===== Supplied records =====
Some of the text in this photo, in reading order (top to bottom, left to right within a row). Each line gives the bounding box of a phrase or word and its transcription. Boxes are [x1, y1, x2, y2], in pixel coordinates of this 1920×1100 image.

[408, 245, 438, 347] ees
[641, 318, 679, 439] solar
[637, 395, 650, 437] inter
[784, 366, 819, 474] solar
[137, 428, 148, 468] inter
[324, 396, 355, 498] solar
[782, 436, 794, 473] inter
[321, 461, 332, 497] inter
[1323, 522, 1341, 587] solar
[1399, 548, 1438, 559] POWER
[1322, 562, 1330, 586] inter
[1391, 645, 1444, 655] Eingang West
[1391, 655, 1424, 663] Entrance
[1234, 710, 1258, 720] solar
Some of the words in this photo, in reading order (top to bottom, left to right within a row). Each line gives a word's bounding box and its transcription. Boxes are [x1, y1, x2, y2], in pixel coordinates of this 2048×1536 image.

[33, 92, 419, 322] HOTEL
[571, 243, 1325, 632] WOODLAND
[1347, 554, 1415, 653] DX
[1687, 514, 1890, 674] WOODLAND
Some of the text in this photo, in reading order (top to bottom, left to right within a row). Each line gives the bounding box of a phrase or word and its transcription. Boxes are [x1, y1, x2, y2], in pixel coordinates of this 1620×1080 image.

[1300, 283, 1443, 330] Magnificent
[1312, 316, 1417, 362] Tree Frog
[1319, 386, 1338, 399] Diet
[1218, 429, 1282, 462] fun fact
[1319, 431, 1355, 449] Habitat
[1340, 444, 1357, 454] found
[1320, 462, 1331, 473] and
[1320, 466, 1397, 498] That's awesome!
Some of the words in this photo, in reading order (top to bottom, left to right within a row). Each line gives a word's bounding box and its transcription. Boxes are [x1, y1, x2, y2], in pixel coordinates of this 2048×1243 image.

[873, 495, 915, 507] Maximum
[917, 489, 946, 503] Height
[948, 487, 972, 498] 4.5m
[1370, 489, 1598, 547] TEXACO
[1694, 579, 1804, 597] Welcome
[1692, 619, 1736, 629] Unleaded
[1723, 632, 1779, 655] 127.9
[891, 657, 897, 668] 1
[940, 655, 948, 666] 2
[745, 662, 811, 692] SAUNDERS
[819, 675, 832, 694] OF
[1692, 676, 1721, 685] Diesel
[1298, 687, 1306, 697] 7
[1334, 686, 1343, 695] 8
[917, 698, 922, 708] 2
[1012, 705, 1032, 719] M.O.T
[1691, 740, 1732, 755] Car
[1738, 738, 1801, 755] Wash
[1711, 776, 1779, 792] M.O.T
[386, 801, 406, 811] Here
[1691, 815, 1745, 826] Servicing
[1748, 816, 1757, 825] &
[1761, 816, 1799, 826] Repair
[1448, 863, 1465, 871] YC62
=====
● Work instruction: All of the data above must be repeated exactly.

● Written answer:
Some of the text in this photo, in reading order (top to bottom, left to right within a row). Each line gives the bounding box of a phrase or word and its transcription. Boxes are [x1, y1, x2, y2], in pixel coordinates of this 1920×1100 image.

[408, 245, 438, 347] ees
[641, 318, 679, 439] solar
[637, 395, 650, 437] inter
[784, 366, 819, 474] solar
[137, 428, 148, 468] inter
[324, 396, 355, 498] solar
[782, 436, 794, 473] inter
[321, 461, 332, 497] inter
[1323, 522, 1341, 587] solar
[1399, 548, 1438, 559] POWER
[1322, 562, 1330, 586] inter
[1391, 645, 1444, 655] Eingang West
[1391, 655, 1424, 663] Entrance
[1234, 710, 1258, 720] solar
Some of the words in this photo, in reading order (top to bottom, left to right within a row). Each line gives a word's bounding box and its transcription. Boxes are [x1, y1, x2, y2], in pixel coordinates of this 2048×1536 image.

[33, 92, 419, 322] HOTEL
[571, 243, 1325, 632] WOODLAND
[1347, 554, 1415, 653] DX
[1687, 514, 1890, 674] WOODLAND
Some of the text in this photo, in reading order (top to bottom, left to right within a row). Each line gives the bounding box of a phrase or word and its transcription. Boxes are [x1, y1, x2, y2], in pixel coordinates of this 1620×1080 image.

[1300, 283, 1443, 330] Magnificent
[1312, 316, 1417, 362] Tree Frog
[1319, 386, 1338, 399] Diet
[1218, 429, 1282, 462] fun fact
[1319, 431, 1355, 449] Habitat
[1340, 444, 1357, 454] found
[1320, 462, 1331, 473] and
[1320, 466, 1397, 498] That's awesome!
Some of the words in this photo, in reading order (top to bottom, left to right within a row). Each line gives a word's bounding box and its transcription. Boxes are [x1, y1, x2, y2], in pixel coordinates of this 2048×1243 image.

[873, 495, 915, 507] Maximum
[917, 489, 946, 503] Height
[948, 487, 972, 498] 4.5m
[1370, 489, 1598, 547] TEXACO
[1694, 579, 1804, 597] Welcome
[1692, 619, 1736, 629] Unleaded
[1723, 632, 1779, 655] 127.9
[891, 657, 897, 668] 1
[940, 655, 948, 666] 2
[745, 662, 811, 692] SAUNDERS
[819, 675, 832, 694] OF
[1692, 676, 1721, 685] Diesel
[1298, 687, 1306, 697] 7
[1334, 686, 1343, 695] 8
[917, 698, 922, 708] 2
[1012, 705, 1032, 719] M.O.T
[1691, 740, 1732, 755] Car
[1738, 738, 1801, 755] Wash
[1711, 776, 1779, 792] M.O.T
[386, 801, 406, 811] Here
[1691, 815, 1745, 826] Servicing
[1748, 816, 1757, 825] &
[1761, 816, 1799, 826] Repair
[1448, 863, 1465, 871] YC62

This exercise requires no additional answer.